*What is required*. The expected answer is the data below, printed verbatim without its pictures.

Dataset entries
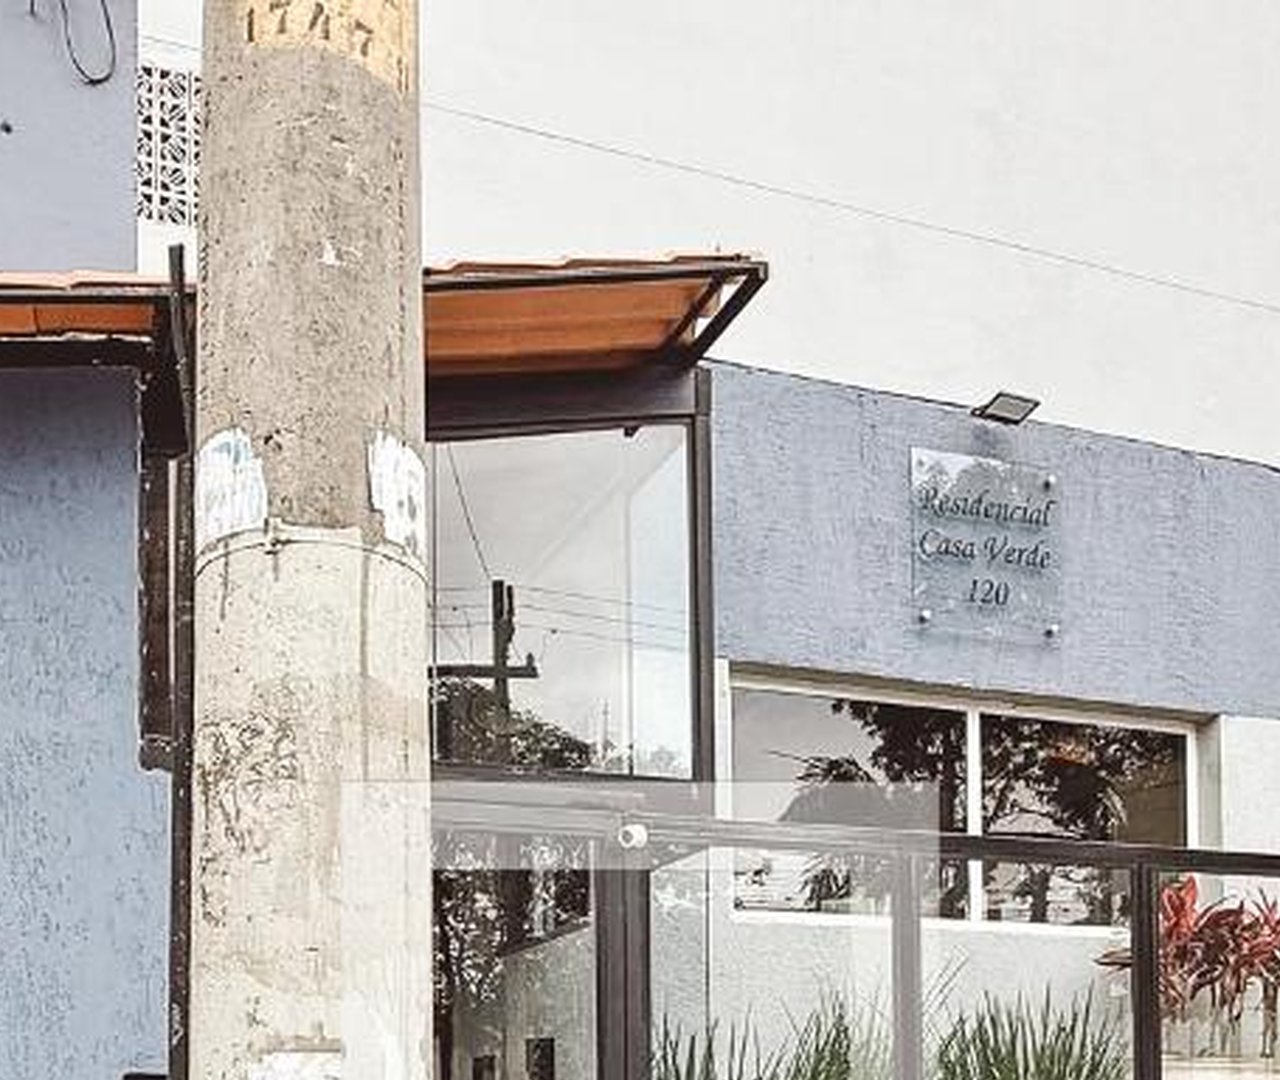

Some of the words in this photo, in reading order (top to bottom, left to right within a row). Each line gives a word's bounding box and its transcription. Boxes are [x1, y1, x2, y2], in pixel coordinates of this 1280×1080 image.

[920, 487, 1056, 526] Residencial
[920, 529, 975, 561] Casa
[983, 536, 1050, 568] Verde
[968, 578, 1009, 605] 120

*Problem solution*.
Some of the words in this photo, in reading order (top to bottom, left to right within a row). Each line gives a word's bounding box and its transcription. Boxes are [x1, y1, x2, y2], in pixel coordinates of this 1280×1080 image.

[920, 487, 1056, 526] Residencial
[920, 529, 975, 561] Casa
[983, 536, 1050, 568] Verde
[968, 578, 1009, 605] 120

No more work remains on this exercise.